LIBERTÀ DI VIVERE, INNANZITUTTO
Ho assistito, alcune settimane fa, ad uno spettacolo davvero
originale, dal titolo: ”L’altra parte di Ron”. Non un concerto, ma
una vera e propria pièce teatrale, scritta appositamente per Ron,
che ho così scoperto essere, oltre che musicista raffinato, attore
tutt’altro che improvvisato.
Dialogando con alcuni personaggi-chiave della sua esistenza, che lui
stesso interpreta, affronta varie tematiche, non esclusivamente
autobiografiche, come la fede, il successo, l’immigrazione, il
testamento biologico. Filo conduttore, il suo grande amore per la
musica. Sul palco, Ron è affiancato da un solo “attore”, sarei
tentata di definirlo un co-protagonista, che recita nella parte di
se stesso: Mario Melazzini, suo amico di vecchia data. Non si tratta
di un uomo di spettacolo, nella realtà Melazzini è un oncologo,
nonché Presidente dell’AISLA (Associazione Italiana Sclerosi
Laterale Amiotrofica). Un medico che alcuni anni fa scopre di essere
affetto da un male incurabile, appunto la SLA. Chiunque si
perderebbe d’animo in una situazione così terribile. Ma, superato lo
sgomento iniziale, il professor Melazzini affronta la malattia con
straordinario coraggio ed accetta con serenità la perdita
progressiva delle funzioni del proprio corpo; si abitua a dover
dipendere in tutto dagli altri. In un suo libro racconta come,
paradossalmente, la malattia che lo sta uccidendo gli abbia
insegnato a vivere. Una lezione impareggiabile, che quest’uomo
apparentemente debole e costretto su una carrozzina, ma forte e
lucido come pochi, sa trasmettere con grande dignità e semplicità.
Senza retorica e senza polemica, osserva come in questi ultimi mesi
si sia discusso tanto, forse troppo, della libertà di morire. La
vicenda dolorosa, straziante, dell’inconsapevole Eluana ha
monopolizzato le cronache per settimane. Un risalto molto inferiore
è stato dato, invece, ad un’iniziativa promossa dal professor
Melazzini, denominata “Liberi di vivere”. Chi soffre di una malattia
degenerativa, o di un’infinità di altre patologie che impediscono di
respirare autonomamente, di alimentarsi, di comunicare, e sceglie
non di morire, ma di vivere fino in fondo la propria esistenza, ha
bisogno di cure, di sostegno, di strumenti precisi che possano
aiutarlo ad alleviare, per quanto possibile, la sua sofferenza ed il
suo disagio. La famiglia del malato è impreparata ad affrontare una
condizione così dolorosa, e spesso non possiede le risorse
economiche, oltre che morali, necessarie.
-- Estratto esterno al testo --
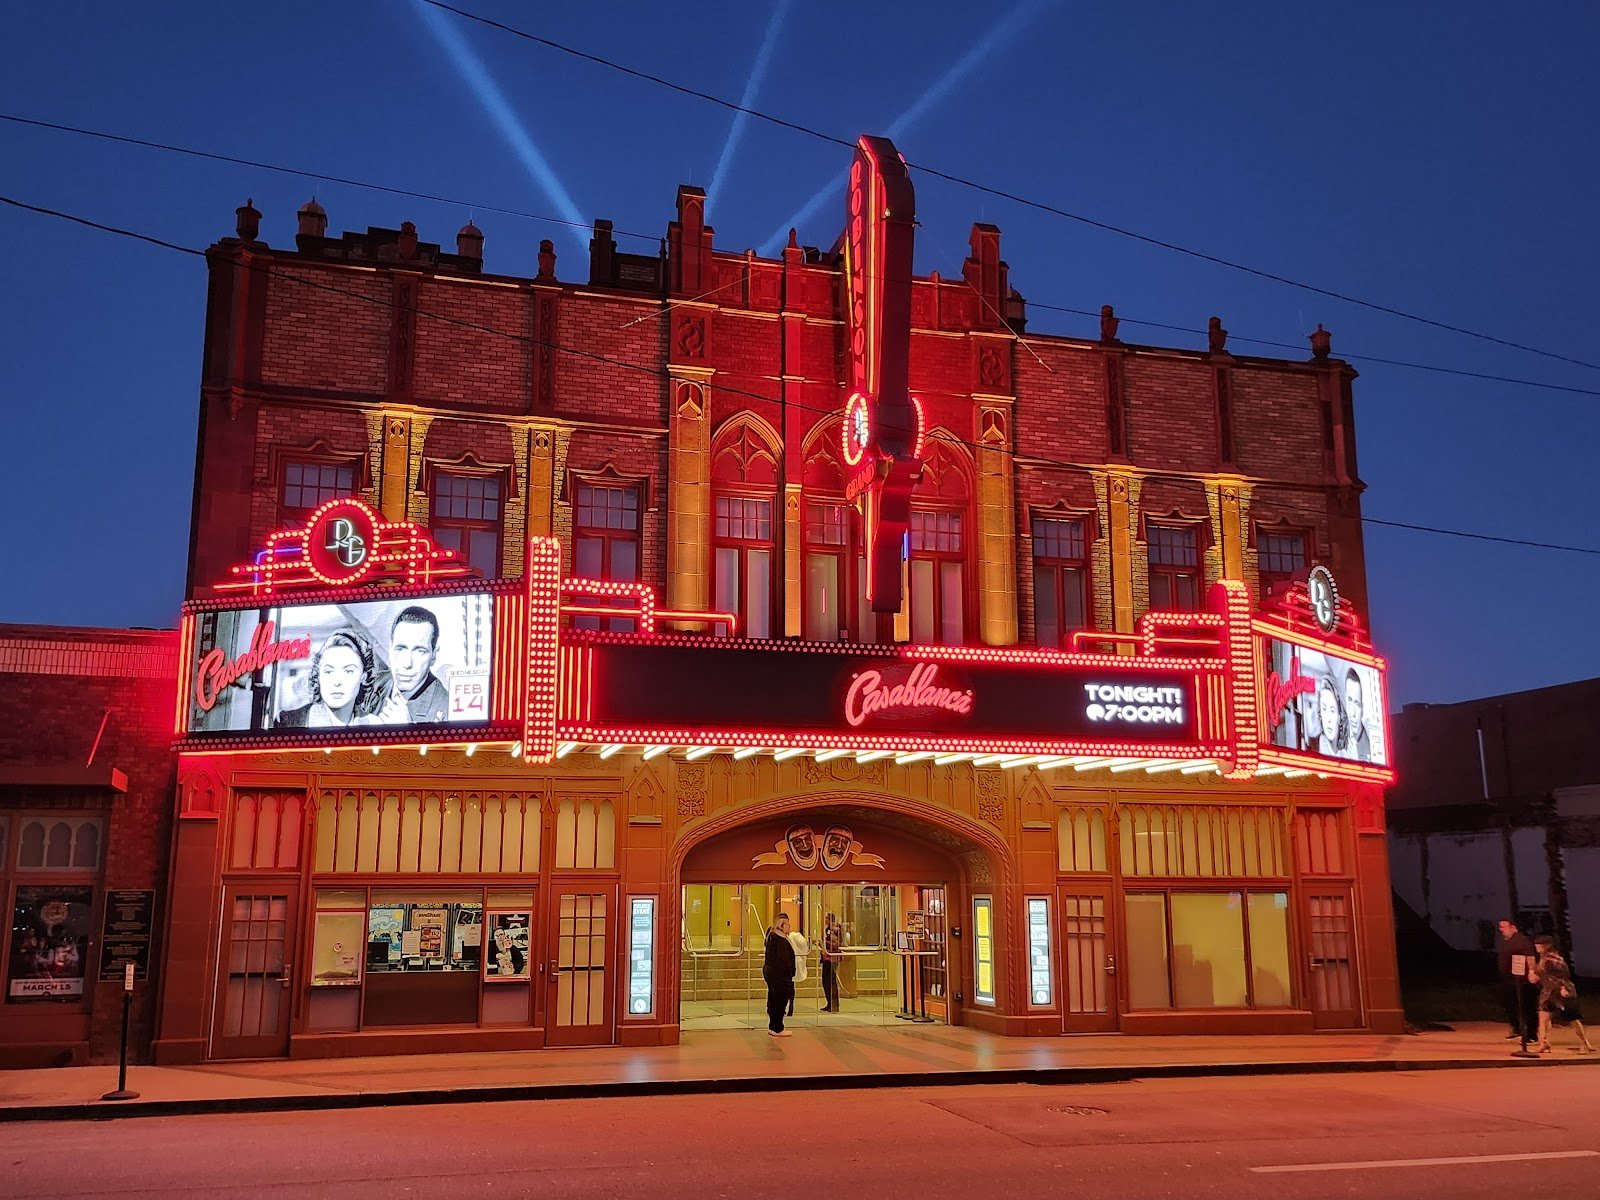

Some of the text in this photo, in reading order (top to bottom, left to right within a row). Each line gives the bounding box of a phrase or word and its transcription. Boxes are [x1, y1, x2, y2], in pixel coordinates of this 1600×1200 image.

Le parole pacate del professor Melazzini suscitano una valanga di
applausi. Ma lui non cerca l’ammirazione del pubblico, quella è
scontata. Cerca di sensibilizzarci sulla necessità di sostenere la
ricerca, e parallelamente ribadisce un concetto fondamentale: il
malato è una persona. Anche se le sue funzioni vitali sono ridotte
all’essenziale, anche se la sua vita sta per spegnersi. Il malato è
un uomo fino all’ultimo istante. E non va guardato con pietà. Va
amato e curato, concretamente. Parole incisive, che non si
dimenticano. E chi era andato a teatro pensando solo di ascoltare
delle belle canzoni, ne è uscito sicuramente arricchito
dall’incontro con un uomo speciale. Ron è passato un po’ in secondo
piano, ma credo che non gli dispiacerà affatto!